The Kanun states - among other things - that the blood of the victim can only be avenged with the blood of the killer.

But professor Elezi conducted a survey which shows that today few people under 35 know what the Kanun actually says - yet many invoke it as an excuse to kill.

"This is of great concern because the first stipulation of the Kanun is that you can kill only the killer," he said.

"Nowadays the blood feuds involve whole families - the immediate family of the killer as well as the extended family. Even women, girls and little boys.

"Another thing is the means of killing - the weapons. It's in complete opposition to what the Kanun says because nowadays you can use guns, Kalashnikovs, bombs, mines, explosives."

However, he also said the Kanun itself offered the means to reconcile the families involved in a blood feud.

"The Kanun does not prevent the first killing, but would intervene to reconcile the two families after blood has been spilled," he said.

"In this way it prevents an escalation of the killings."

One man who has successfully negotiated an end to blood feuds is Aleksander Kola, of the Foundation for Conflict Resolution and Reconciliation of Disputes.

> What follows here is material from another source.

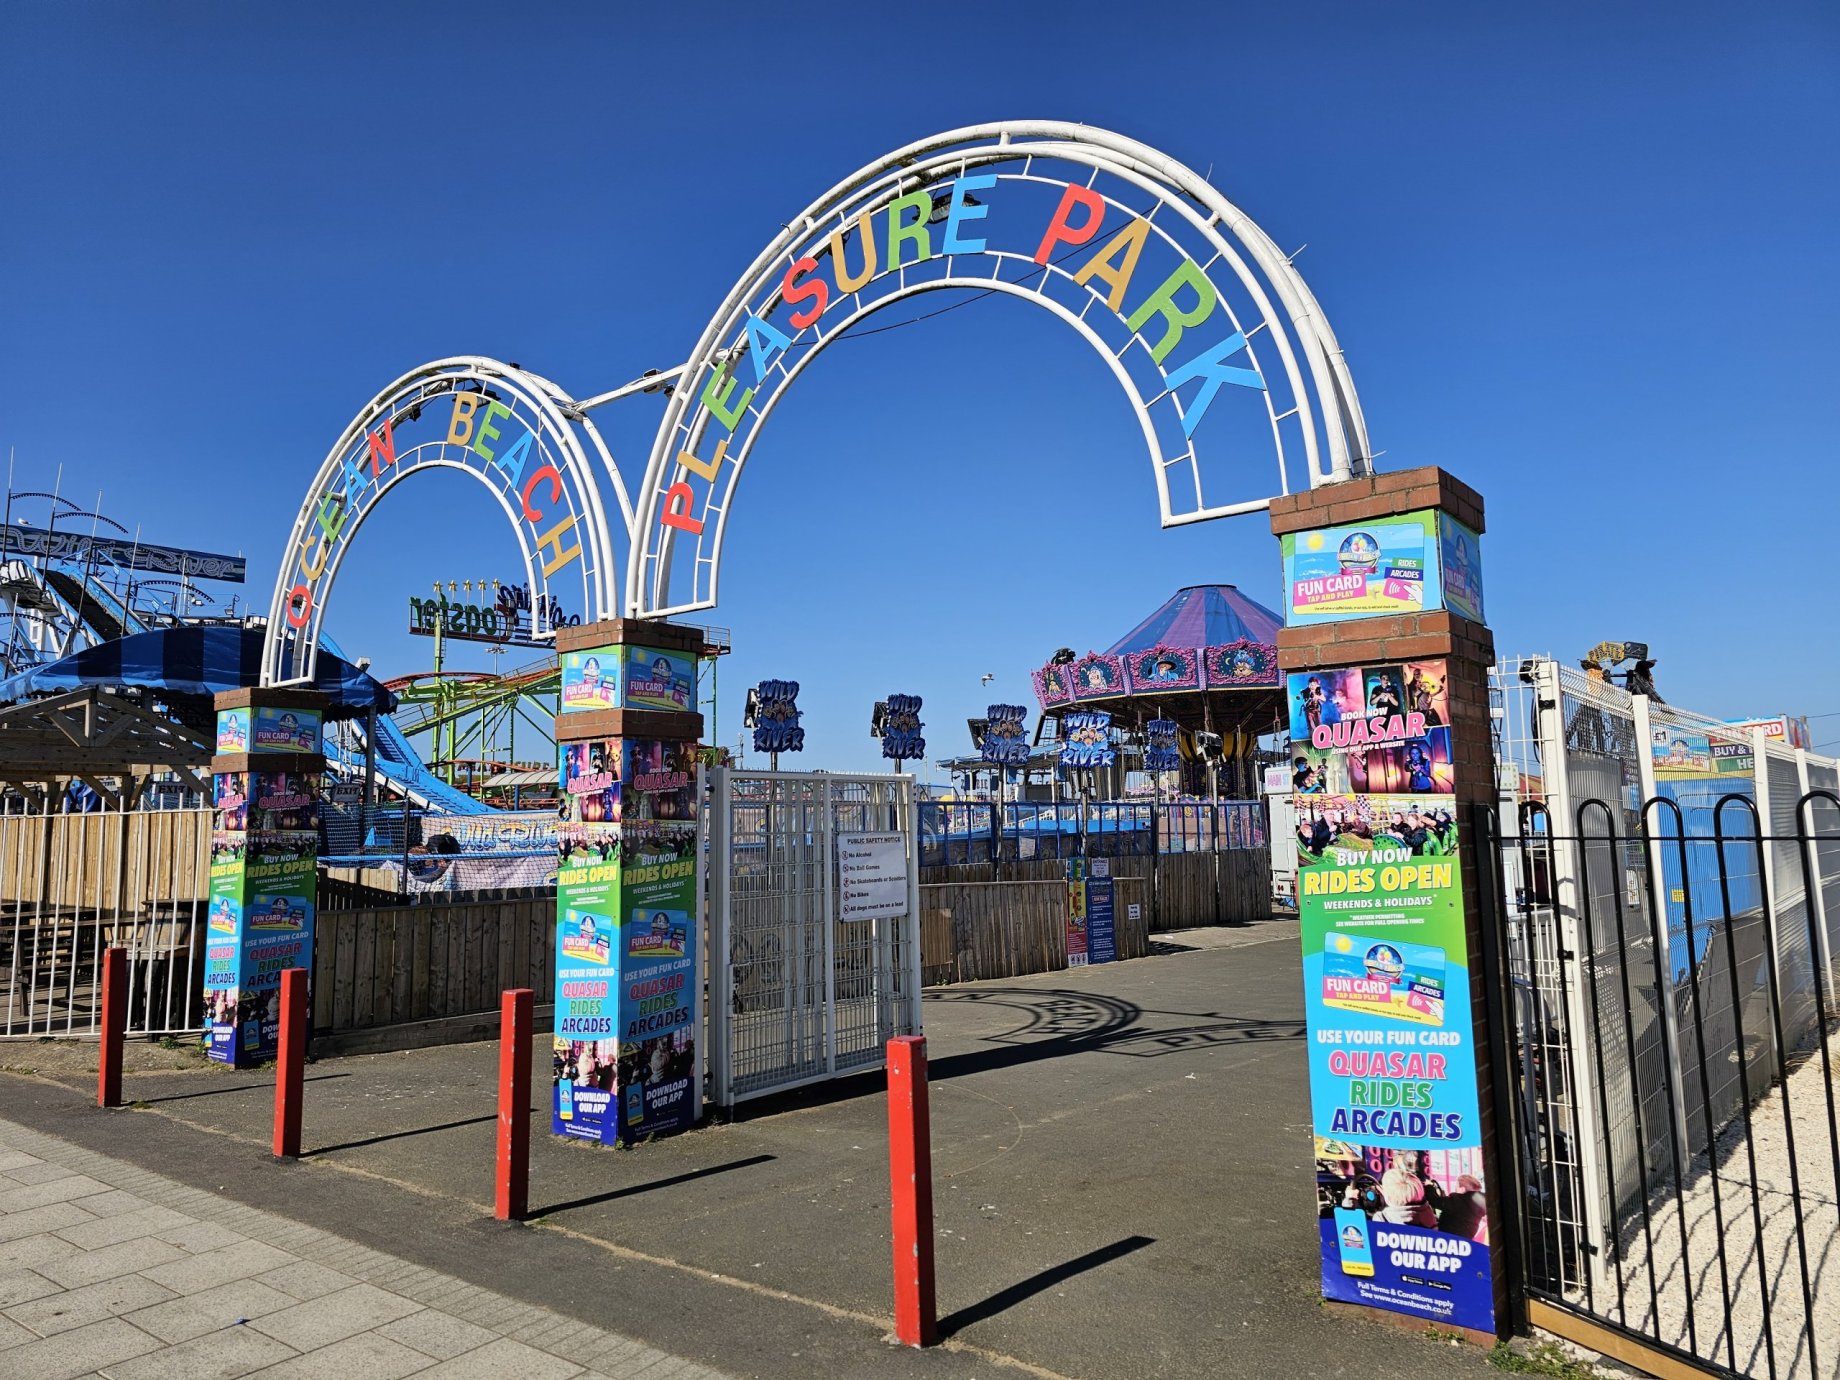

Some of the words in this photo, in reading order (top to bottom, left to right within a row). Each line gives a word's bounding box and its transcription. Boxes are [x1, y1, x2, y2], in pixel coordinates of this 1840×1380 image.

He has managed to end 10 feuds in the last two years.

One involved the death of a 17-year-old, Zef, killed by two young women in revenge for the earlier death of two members of their family at the hands of Zef's uncle.

However, Mr Kola explained this did not end the feud, "because Zef's uncle killed two people from the other family and Zef's death avenged only one."

After Zef's death, Mr Kola arranged negotiations between the feuding family and Zef's mother, father and Marash, their only other son at the time.

The feuding family offered a period of grace to Marash so that he could go to school.

Eventually, Mr Kola persuaded them to release the family out of confinement altogether.